--- DATA FOR THIS TASK Enclosed Below ---

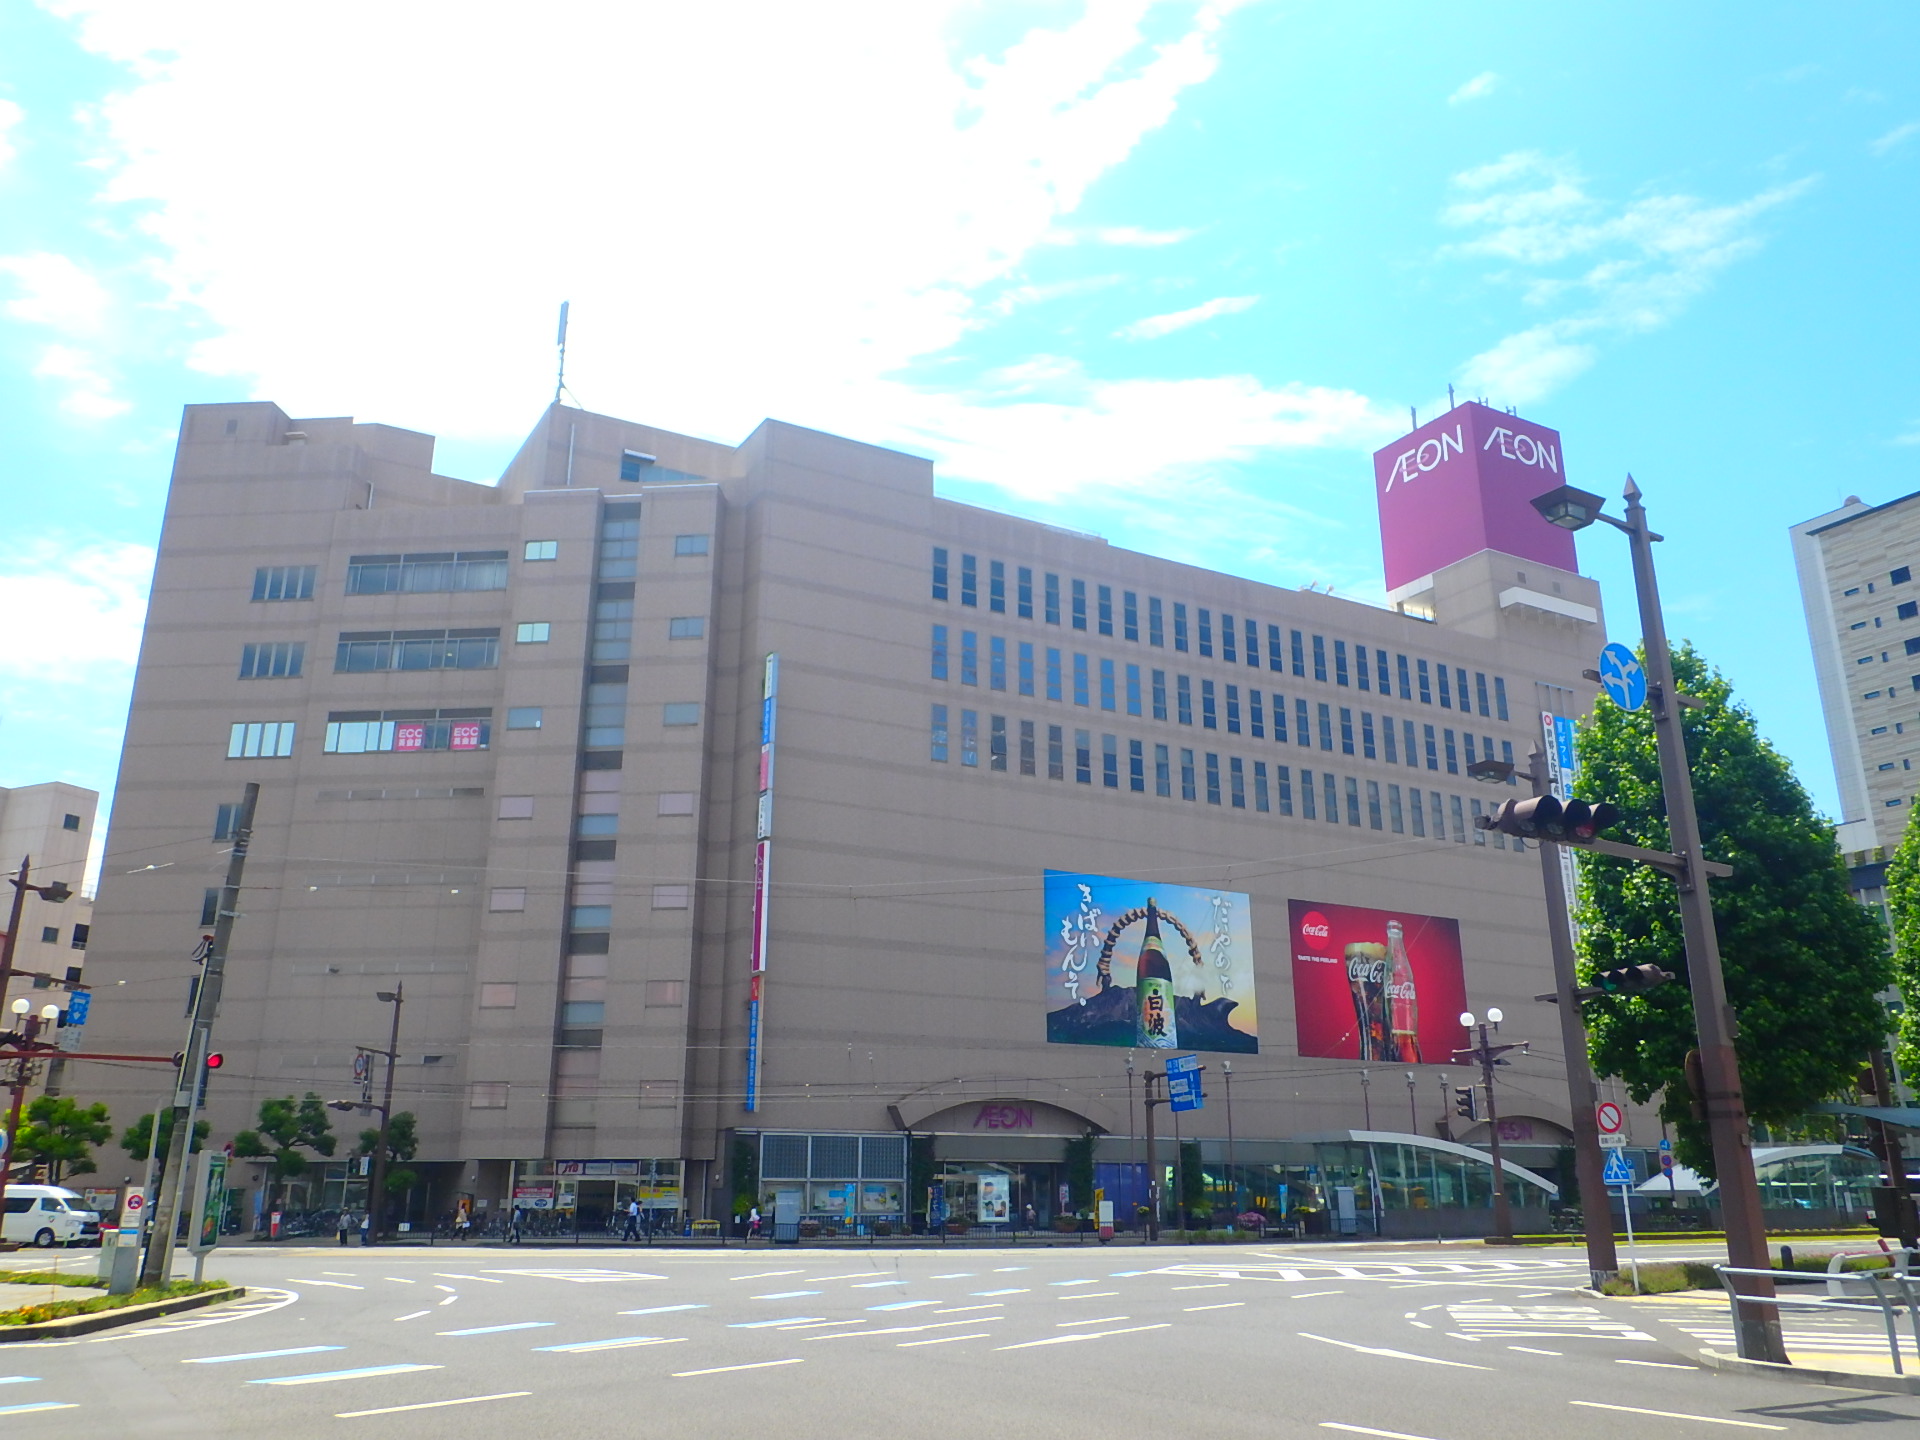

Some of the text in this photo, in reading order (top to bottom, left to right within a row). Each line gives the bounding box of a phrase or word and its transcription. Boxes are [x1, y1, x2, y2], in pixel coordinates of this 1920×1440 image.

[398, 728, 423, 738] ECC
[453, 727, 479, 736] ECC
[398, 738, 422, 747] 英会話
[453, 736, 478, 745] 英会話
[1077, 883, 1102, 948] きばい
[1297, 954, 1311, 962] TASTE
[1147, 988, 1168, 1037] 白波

--- End of Enclosed DATA FOR THIS TASK ---

• EXERCISE OBJECTIVE
Omitting the images, transcribe every record exactly.

• SOLUTION TO THE EXERCISE
Some of the text in this photo, in reading order (top to bottom, left to right within a row). Each line gives the bounding box of a phrase or word and its transcription. Boxes are [x1, y1, x2, y2], in pixel coordinates of this 1920×1440 image.

[398, 728, 423, 738] ECC
[453, 727, 479, 736] ECC
[398, 738, 422, 747] 英会話
[453, 736, 478, 745] 英会話
[1077, 883, 1102, 948] きばい
[1297, 954, 1311, 962] TASTE
[1147, 988, 1168, 1037] 白波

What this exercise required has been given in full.